When you only hear and speak Mandarin from PK3 or PK4 through 5th grade either 100% of the school day or 50%, for those 7 or 8 years, you are not an "outlier" if you can hold whole conversations and still understand a good amount of Mandarin when you're 3 or 4 years out of those schools. And NO ONE doesn't understand "Good morning" or remember how to answer. Our kids were not outliers, most of the kids who finished 5th grade still understand and can say a lot.
Anonymous
The language of love. It is considered, by many people, a foreign language. It takes daily practice.
Anonymous
Anonymous wrote:Children of elites speak Russian, Hebrew, and Arabic.


Children whose families are Russian or Ukrainian or certain Eastern European countries speak Russian. Children with Israeli families speak Hebrew. Children who speak Arabic or Farsi or other Middle Eastern languages have families from there. Nothing related to elite.
Anonymous
Anonymous wrote:Mandarin and French when it comes to elites.

Spanish is by far more useful of course. I speak all 3, and use Spanish a lot more in daily life by far.


What does this even mean, “elites”? Can you define the word based on how you are using it?

Anonymous
Anonymous wrote:
Anonymous wrote:We chose based on which program was known to have better teachers at our HS. In our case, French.

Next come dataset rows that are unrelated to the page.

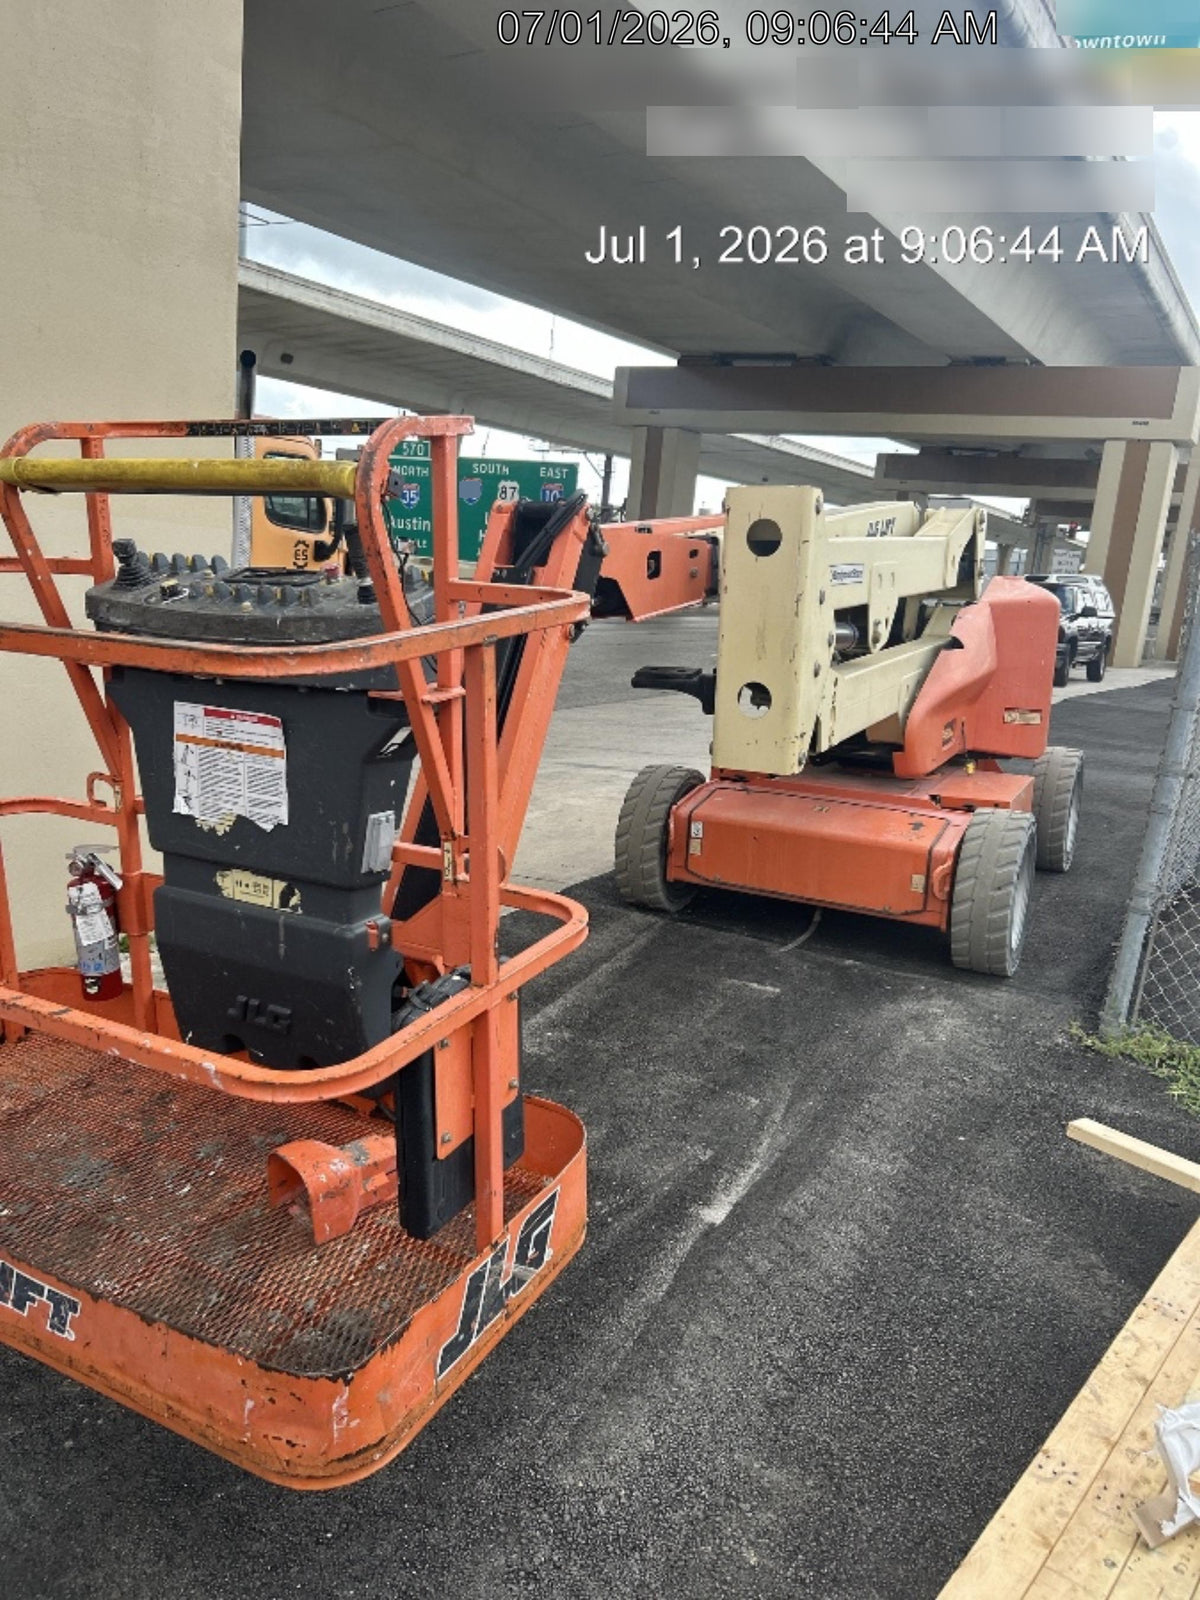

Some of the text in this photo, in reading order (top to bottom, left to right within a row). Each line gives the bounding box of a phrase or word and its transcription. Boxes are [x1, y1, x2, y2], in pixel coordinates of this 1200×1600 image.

[403, 442, 424, 456] 570
[472, 463, 509, 475] SOUTH
[540, 467, 569, 479] EAST
[402, 490, 418, 504] 35
[499, 486, 517, 500] 87
[545, 490, 560, 502] 10
[437, 1186, 560, 1381] JLG

Our HS can’t find any French teachers, so kids have to take it online. Guess we’re not elite enough.


I don’t understand why people think French is elite. France is a tiny country. Belgium has some French communities, Haiti is French speaking, a lot of African countries have French as their official language. Canada where Quebec hung on to French with all their might but England still managed to take away the French language from many areas. England colonized Canada and mandated English.

Why would French be relevant enough for children to learn it?
Anonymous
Anonymous wrote:
Anonymous wrote:
Anonymous wrote:We chose based on which program was known to have better teachers at our HS. In our case, French.

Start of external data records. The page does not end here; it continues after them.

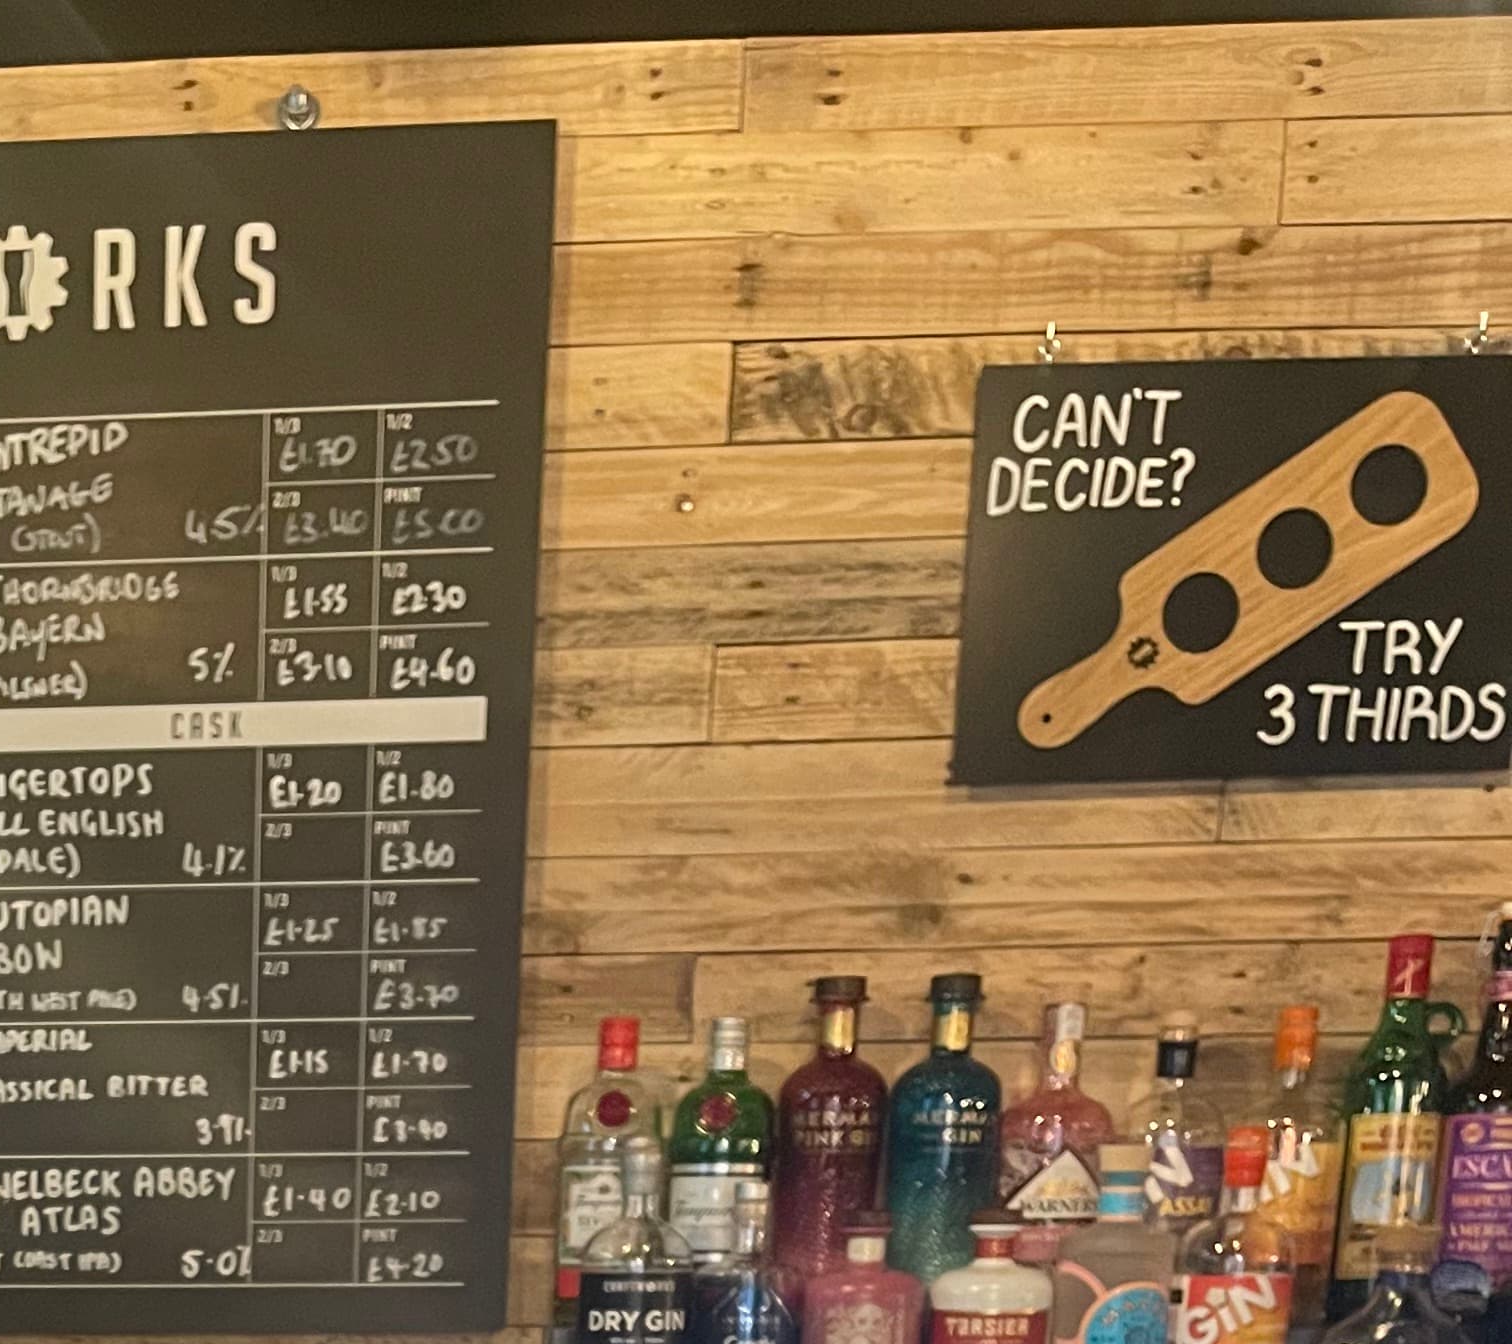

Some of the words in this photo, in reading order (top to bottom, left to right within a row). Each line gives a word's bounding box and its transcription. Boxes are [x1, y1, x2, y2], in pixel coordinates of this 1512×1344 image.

[1013, 387, 1181, 452] CAN'T
[988, 448, 1196, 516] DECIDE?
[188, 642, 235, 682] 5%
[1339, 618, 1463, 675] TRY
[171, 713, 243, 740] CASK
[1256, 684, 1295, 745] 3
[1308, 682, 1507, 743] THIRDS
[39, 809, 164, 837] ENGLISH
[107, 1075, 208, 1097] BITTER
[134, 1166, 235, 1200] ABBEY
[21, 1204, 121, 1237] ATLAS
[589, 1310, 640, 1332] DRY
[645, 1310, 686, 1331] GIN

Our HS can’t find any French teachers, so kids have to take it online. Guess we’re not elite enough.


I don’t understand why people think French is elite. France is a tiny country. Belgium has some French communities, Haiti is French speaking, a lot of African countries have French as their official language. Canada where Quebec hung on to French with all their might but England still managed to take away the French language from many areas. England colonized Canada and mandated English.

Why would French be relevant enough for children to learn it?

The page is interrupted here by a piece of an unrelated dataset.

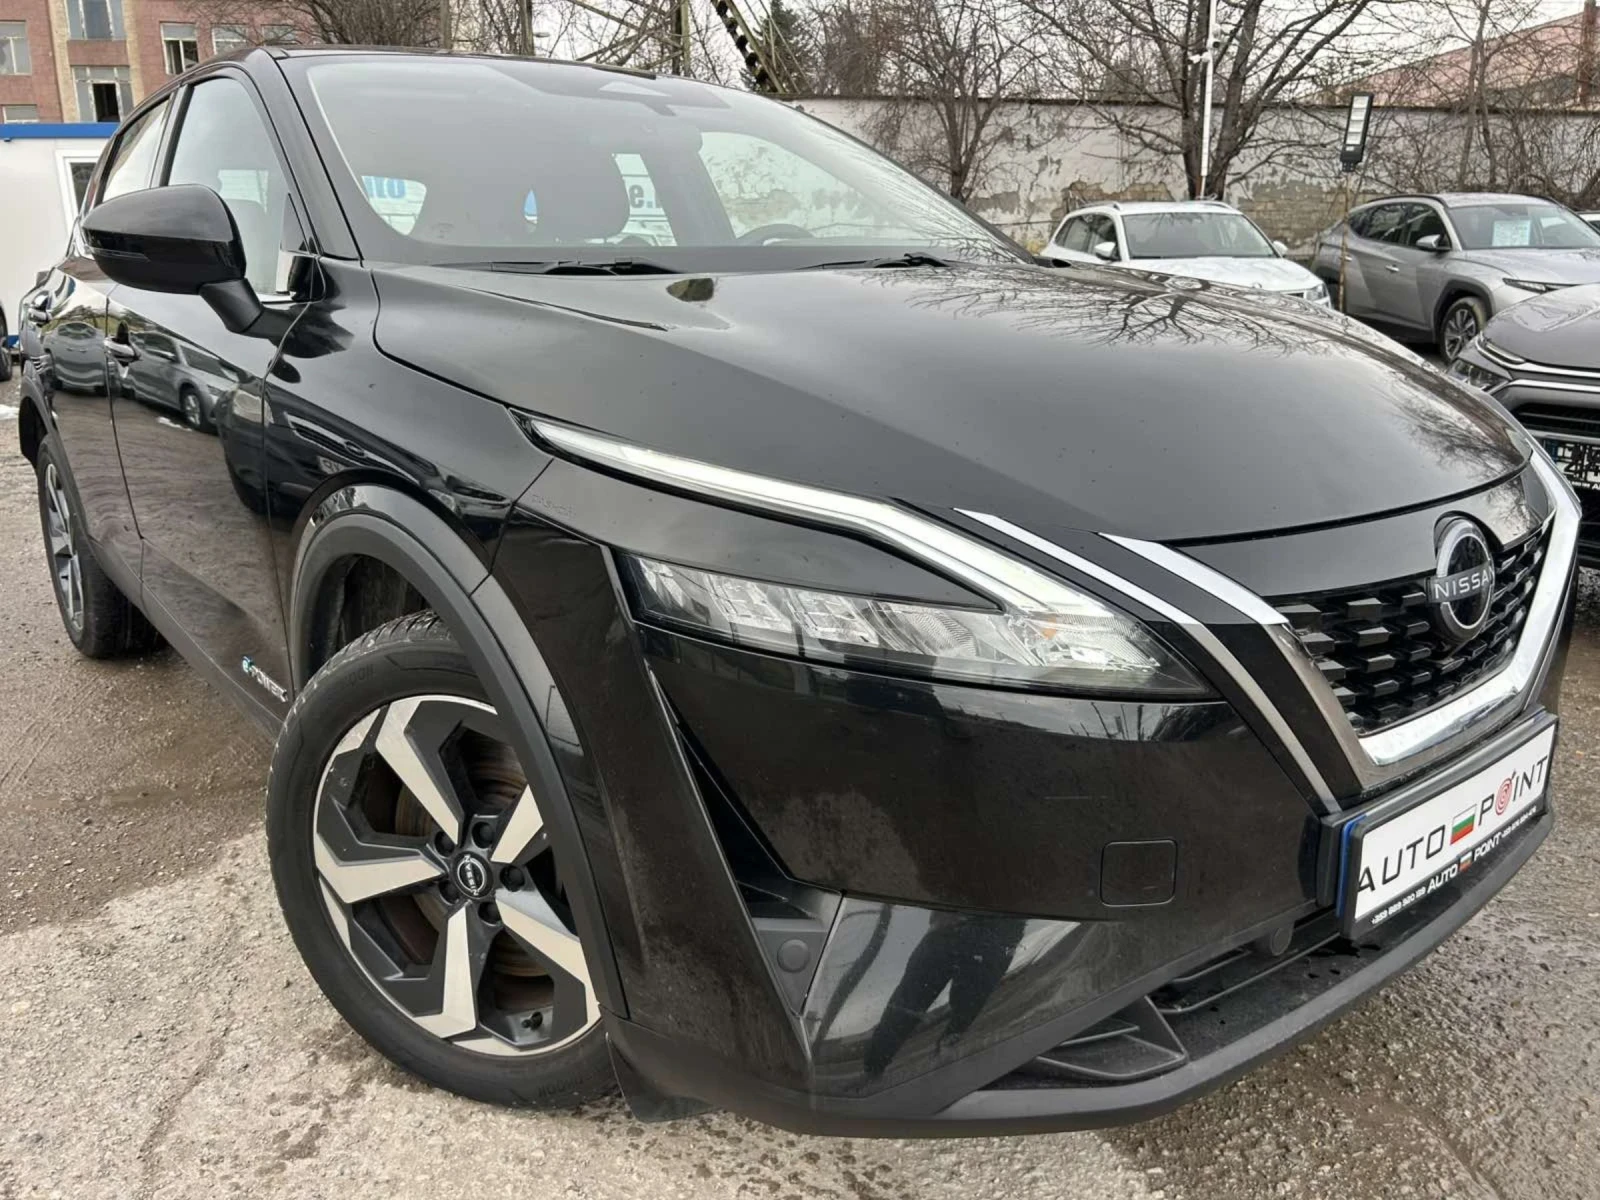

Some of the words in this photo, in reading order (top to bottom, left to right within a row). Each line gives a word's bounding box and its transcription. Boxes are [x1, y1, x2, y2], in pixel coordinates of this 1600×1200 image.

When I was in middle school I only had a choice of French or Spanish. I chose based on liking French food and the sound of the French language better, and it was literally each student's choice, I don't remember anyone saying their parents chose for them. But there was nothing elite about it, that was just the choices we had and I'd say students split fairly evenly in which language they chose. In my high school I don't remember which classes more people took, I just know the French classes were very full (but I think the Spanish ones are too). I wonder if my high school offers other languages now... I am curious, I'm going to look into that.

But no one had an attitude like "Oh, only puny little peasants take _____________ language". It was just whichever one you were interested in or whichever one had more open seats if you didn't care.
Anonymous
Same PP, btw I'm still so glad I learned it. I've been to 3 French-speaking countries (including France), and I still love the language and the culture.
Anonymous
Forget about stupid elites. Choose the language based on the people and the settings you can practice in.

Unless you have a different language background it’s likely going to be Spanish based on it being the second most spoken language in US. There are a ton of resources, TV programming, books, etc.

If you’re connected to French, Mandarin or Hindi, by all means try it, since you an interact effortlessly with native speakers.


Anonymous
This cracks me up.
But, as a person who might be considered globally elite, English.